▸ **WHAT YOU HAVE TO DO**
Please retype the entries that follow exactly as they are, leaving the images behind.

===== EXERCISE MATERIAL =====

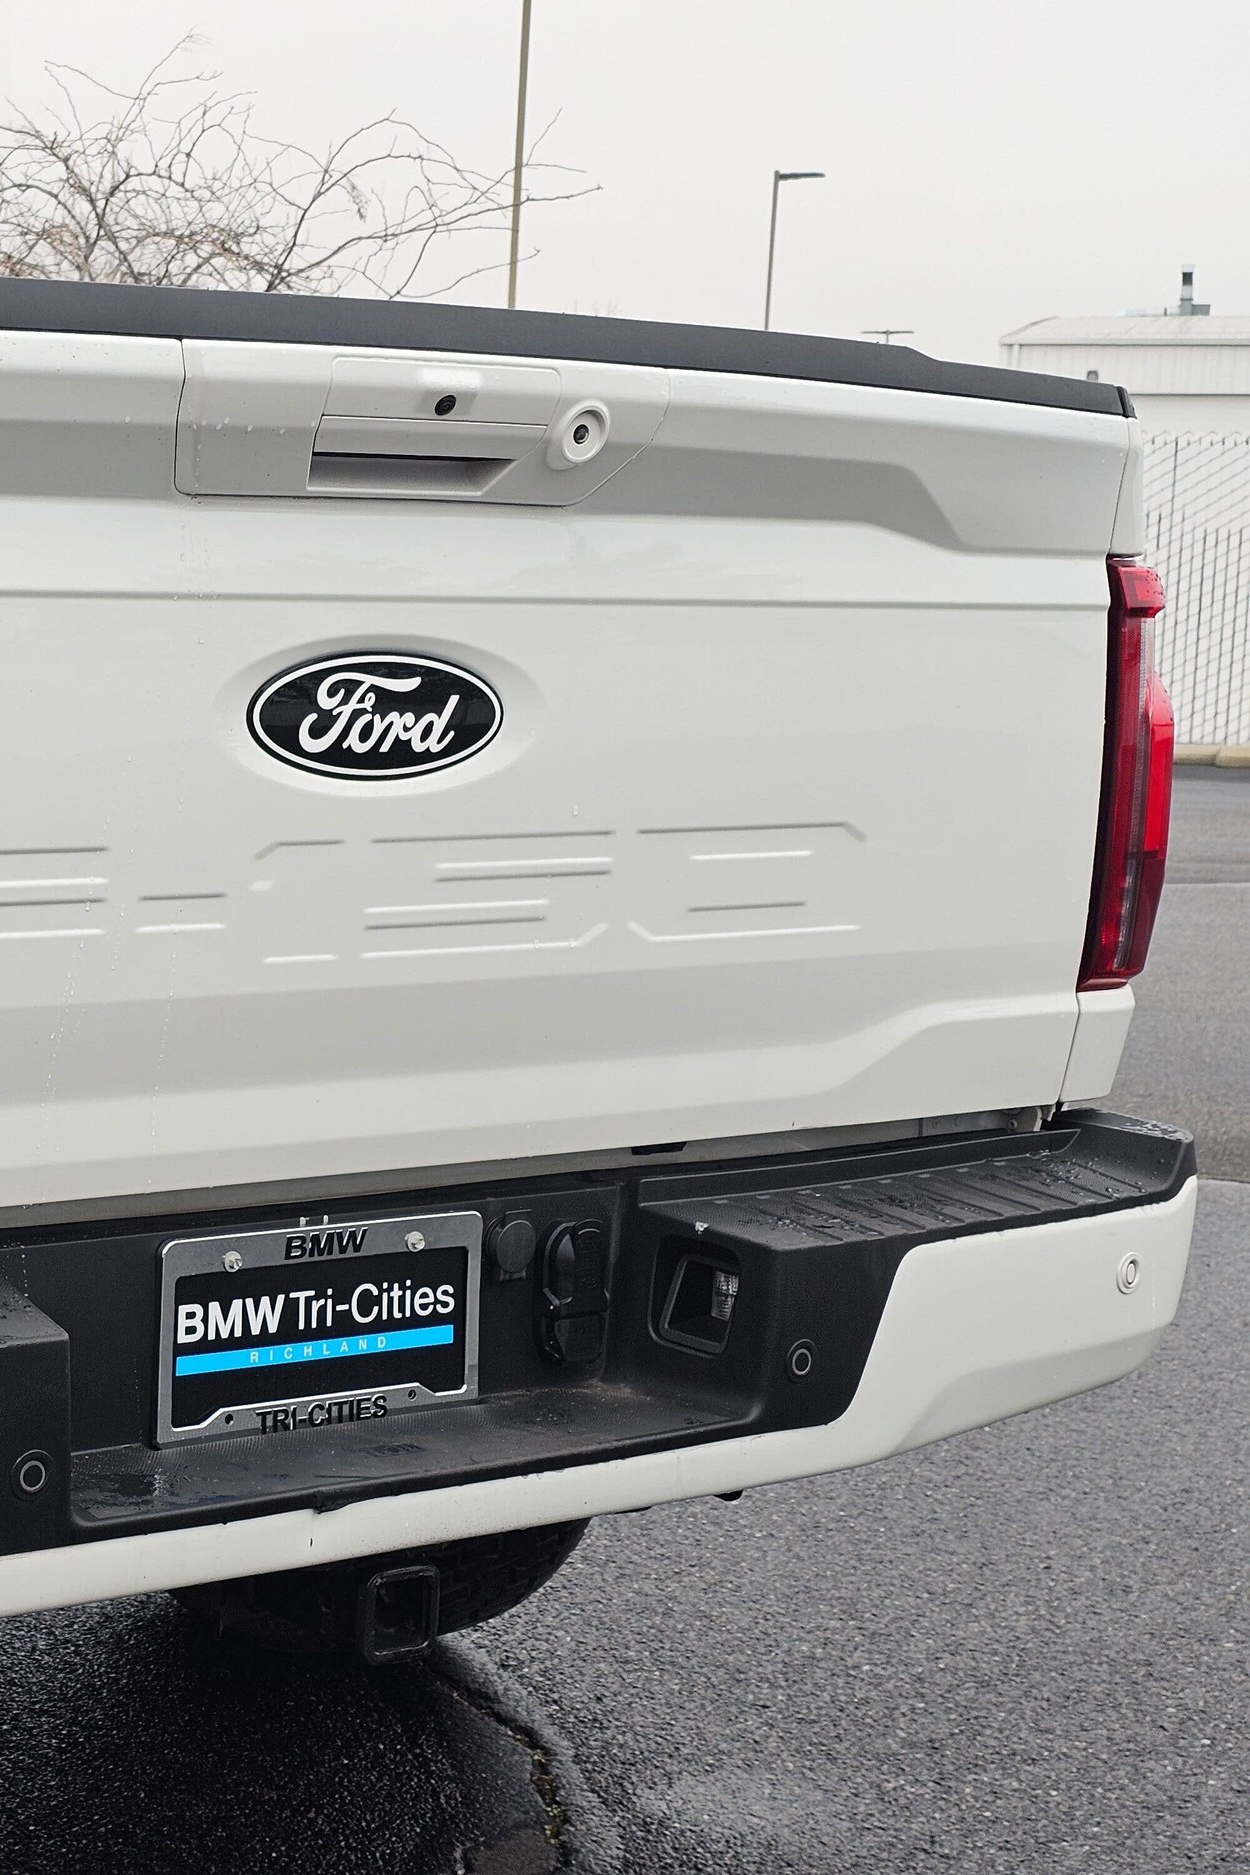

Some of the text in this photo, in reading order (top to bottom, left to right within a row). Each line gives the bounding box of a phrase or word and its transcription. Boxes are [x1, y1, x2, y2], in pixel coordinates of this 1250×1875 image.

[299, 672, 460, 753] Ford
[284, 1227, 368, 1261] BMW
[177, 1280, 455, 1344] BMW Tri-Cities
[250, 1336, 387, 1363] RICHLAND
[255, 1394, 389, 1435] TRI-CITIES

=====

▸ **ANSWER SECTION**
Some of the text in this photo, in reading order (top to bottom, left to right within a row). Each line gives the bounding box of a phrase or word and its transcription. Boxes are [x1, y1, x2, y2], in pixel coordinates of this 1250×1875 image.

[299, 672, 460, 753] Ford
[284, 1227, 368, 1261] BMW
[177, 1280, 455, 1344] BMW Tri-Cities
[250, 1336, 387, 1363] RICHLAND
[255, 1394, 389, 1435] TRI-CITIES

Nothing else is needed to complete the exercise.